* [Goal of the exercise]:
Carry none of the pictures over; write out the complete data exactly.

* [Recorded information]:
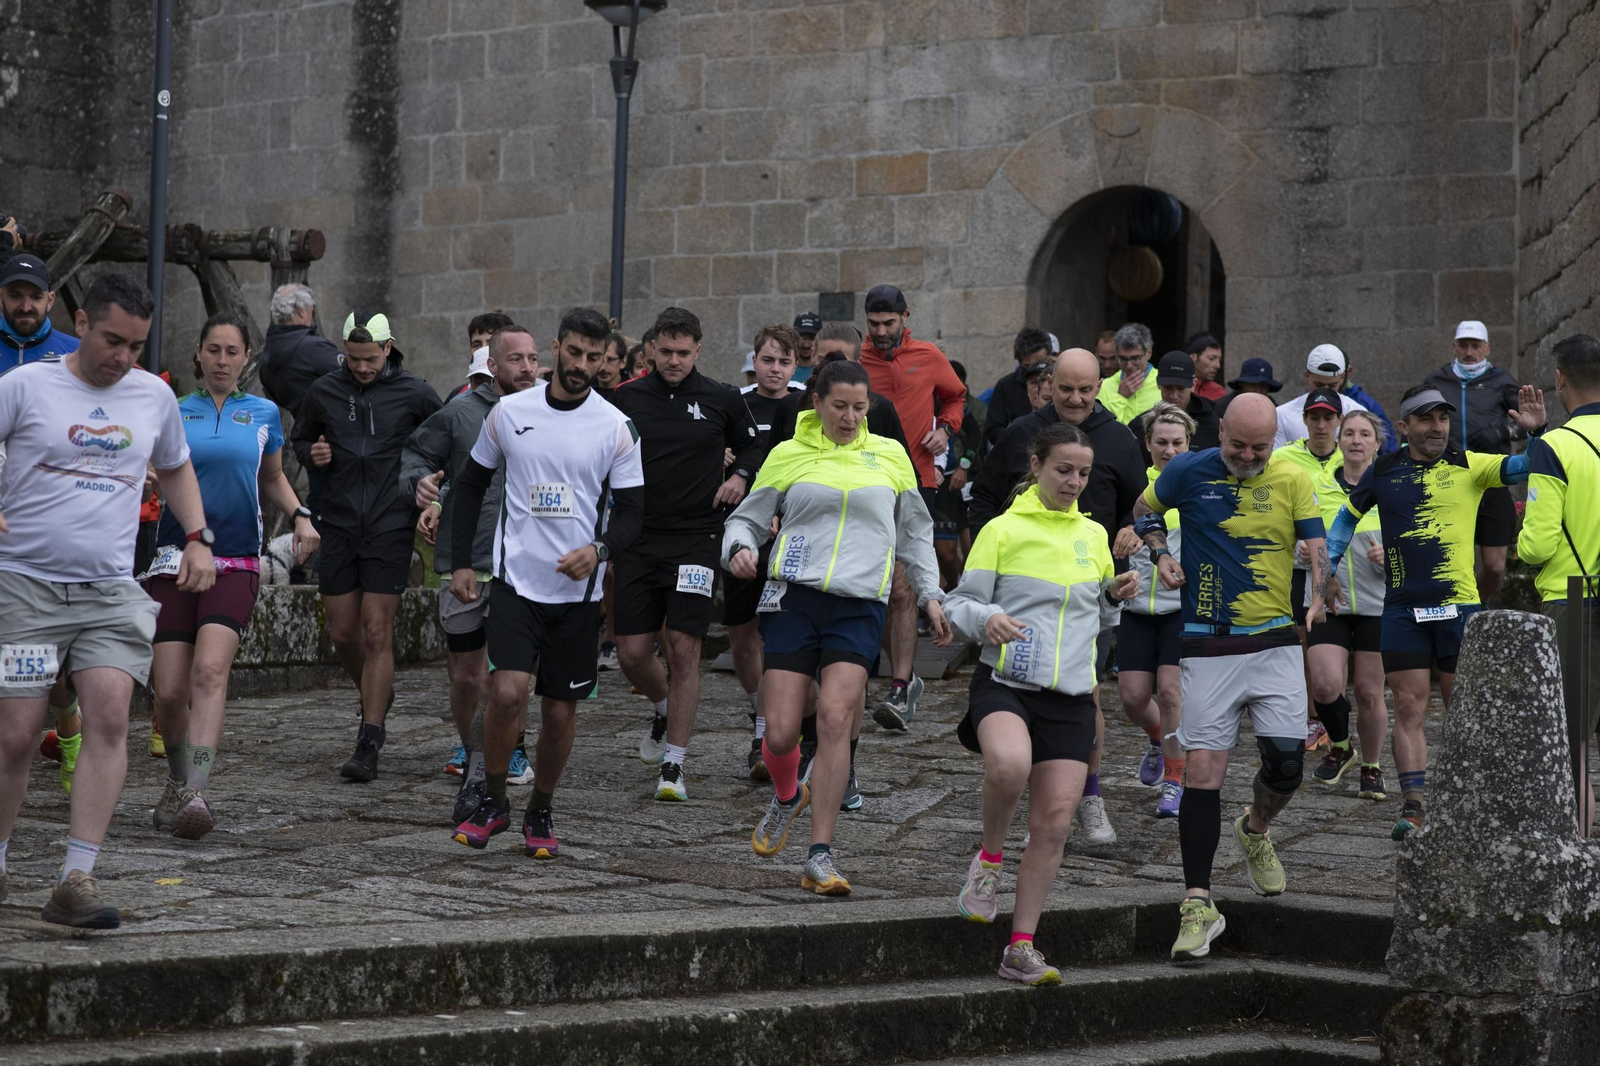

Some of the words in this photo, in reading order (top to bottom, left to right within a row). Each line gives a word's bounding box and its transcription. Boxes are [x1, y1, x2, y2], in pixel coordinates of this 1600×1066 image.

[75, 480, 116, 492] MADRID
[538, 492, 561, 506] 164
[1252, 503, 1273, 511] SERRES
[782, 535, 805, 581] SERRES
[1388, 547, 1400, 588] SERRES
[687, 572, 707, 586] 195
[760, 589, 778, 602] 57
[1196, 563, 1213, 617] SERRES
[1425, 606, 1447, 616] 168
[1011, 627, 1034, 680] SERRES
[15, 657, 45, 675] 153
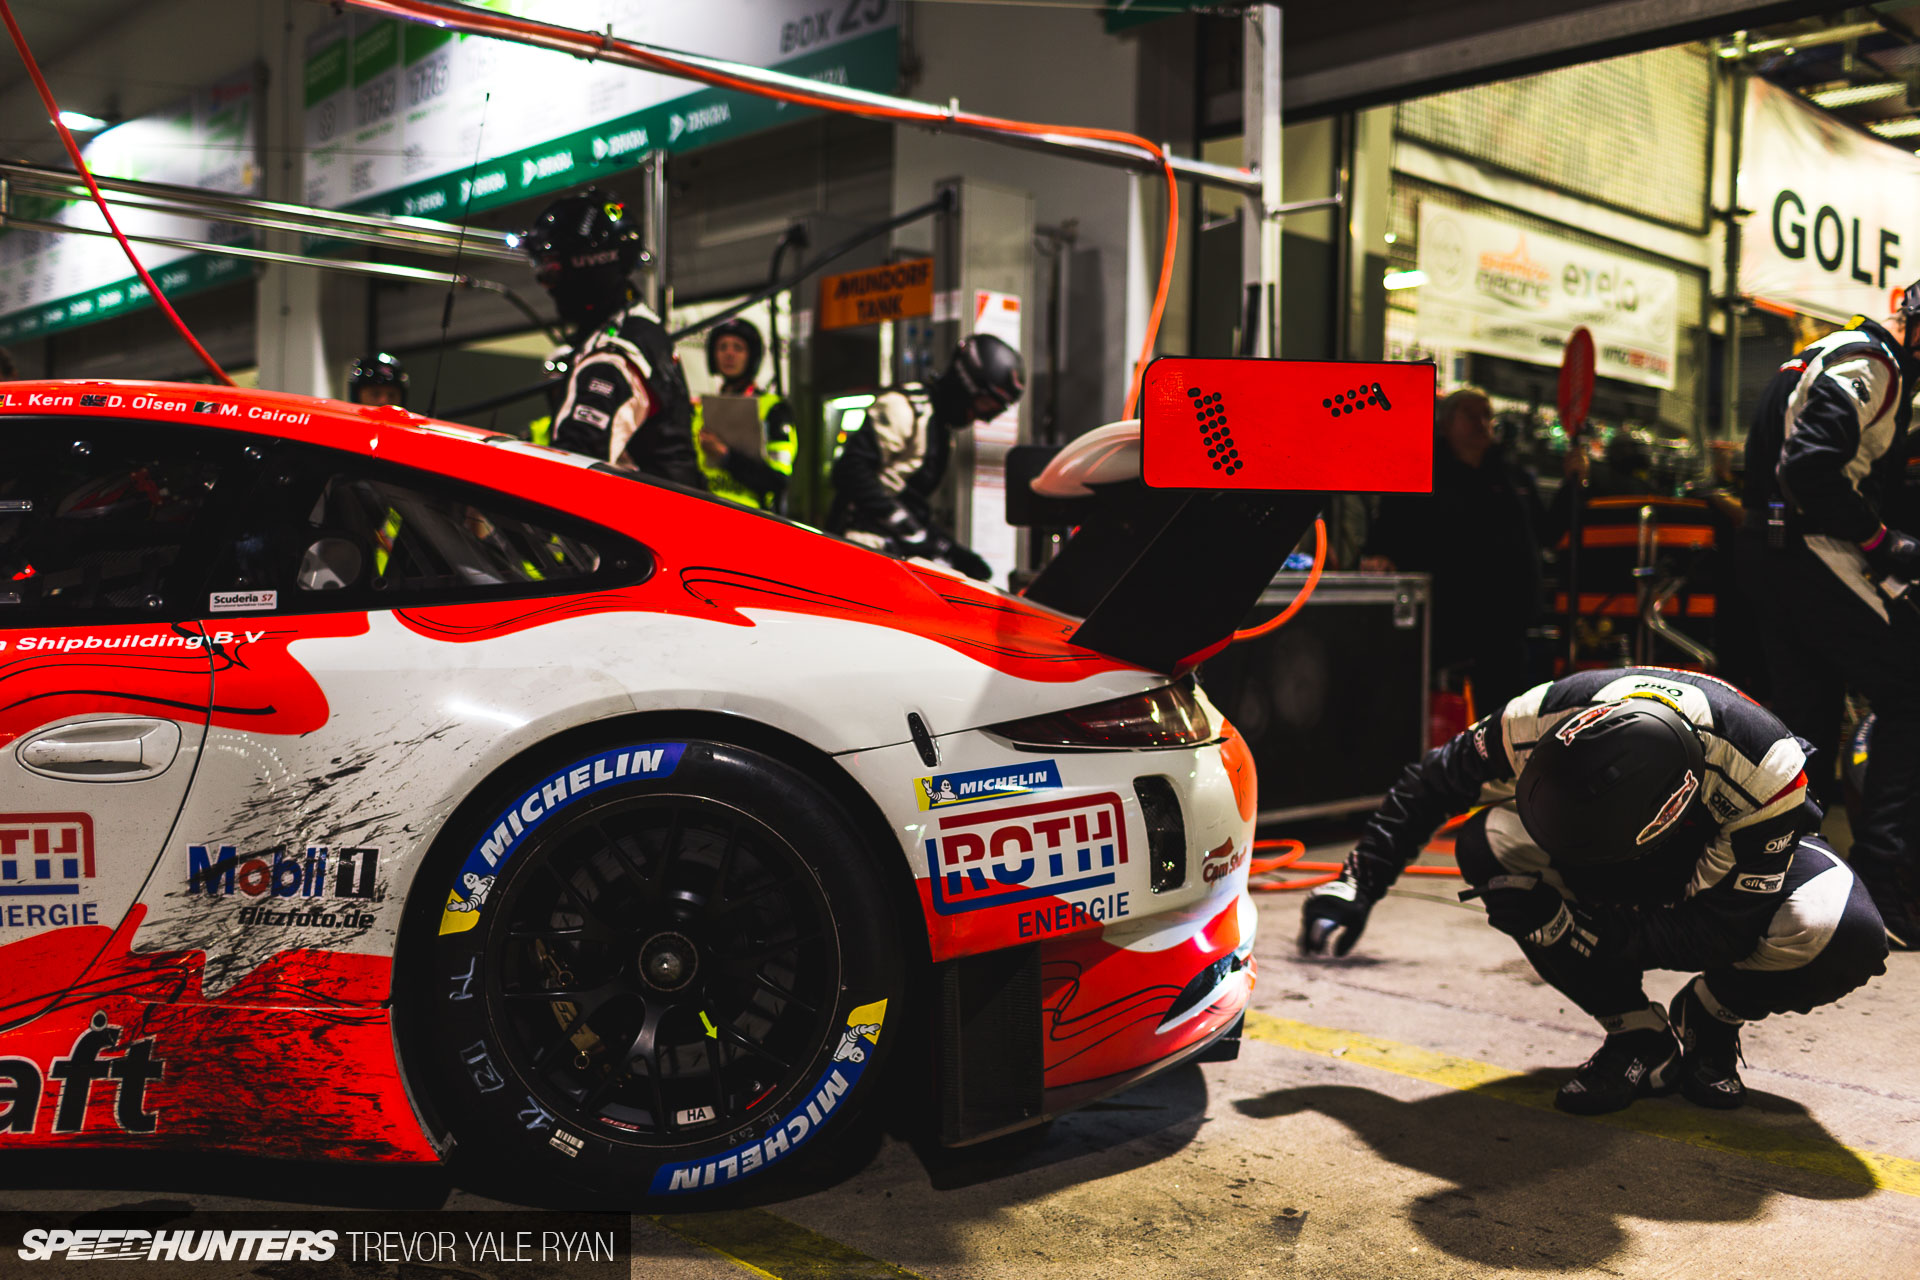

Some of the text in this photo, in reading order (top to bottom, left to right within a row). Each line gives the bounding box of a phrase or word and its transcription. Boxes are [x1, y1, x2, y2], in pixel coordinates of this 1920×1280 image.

[780, 10, 832, 53] BOX
[1772, 190, 1900, 289] GOLF
[571, 251, 619, 267] uvex
[835, 262, 929, 298] MUNDORF
[857, 294, 903, 319] TANK
[6, 394, 73, 406] L. Kern
[107, 396, 187, 412] D. Olsen
[220, 404, 311, 425] M. Cairoli
[214, 594, 259, 604] Scuderia
[16, 634, 203, 652] Shipbuilding
[213, 631, 265, 644] B.V
[960, 771, 1047, 795] MICHELIN
[480, 749, 664, 868] MICHELIN
[1710, 791, 1743, 819] OMP
[941, 810, 1115, 896] ROTH
[1765, 834, 1793, 852] OMP
[189, 846, 328, 898] Mobil
[0, 904, 98, 927] ERGIE
[1018, 891, 1130, 938] ENERGIE
[687, 1108, 707, 1122] HA
[669, 1069, 849, 1191] MICHELIN

* [Expected answer]:
Some of the words in this photo, in reading order (top to bottom, left to right within a row). Each line gives a word's bounding box and its transcription. Boxes are [x1, y1, x2, y2], in pixel coordinates of this 1600×1066 image.

[75, 480, 116, 492] MADRID
[538, 492, 561, 506] 164
[1252, 503, 1273, 511] SERRES
[782, 535, 805, 581] SERRES
[1388, 547, 1400, 588] SERRES
[687, 572, 707, 586] 195
[760, 589, 778, 602] 57
[1196, 563, 1213, 617] SERRES
[1425, 606, 1447, 616] 168
[1011, 627, 1034, 680] SERRES
[15, 657, 45, 675] 153

Some of the text in this photo, in reading order (top to bottom, left to right within a row). Each line gives the bounding box of a phrase or word and its transcription. Boxes are [x1, y1, x2, y2], in pixel coordinates of this 1920×1280 image.

[780, 10, 832, 53] BOX
[1772, 190, 1900, 289] GOLF
[571, 251, 619, 267] uvex
[835, 262, 929, 298] MUNDORF
[857, 294, 903, 319] TANK
[6, 394, 73, 406] L. Kern
[107, 396, 187, 412] D. Olsen
[220, 404, 311, 425] M. Cairoli
[214, 594, 259, 604] Scuderia
[16, 634, 203, 652] Shipbuilding
[213, 631, 265, 644] B.V
[960, 771, 1047, 795] MICHELIN
[480, 749, 664, 868] MICHELIN
[1710, 791, 1743, 819] OMP
[941, 810, 1115, 896] ROTH
[1765, 834, 1793, 852] OMP
[189, 846, 328, 898] Mobil
[0, 904, 98, 927] ERGIE
[1018, 891, 1130, 938] ENERGIE
[687, 1108, 707, 1122] HA
[669, 1069, 849, 1191] MICHELIN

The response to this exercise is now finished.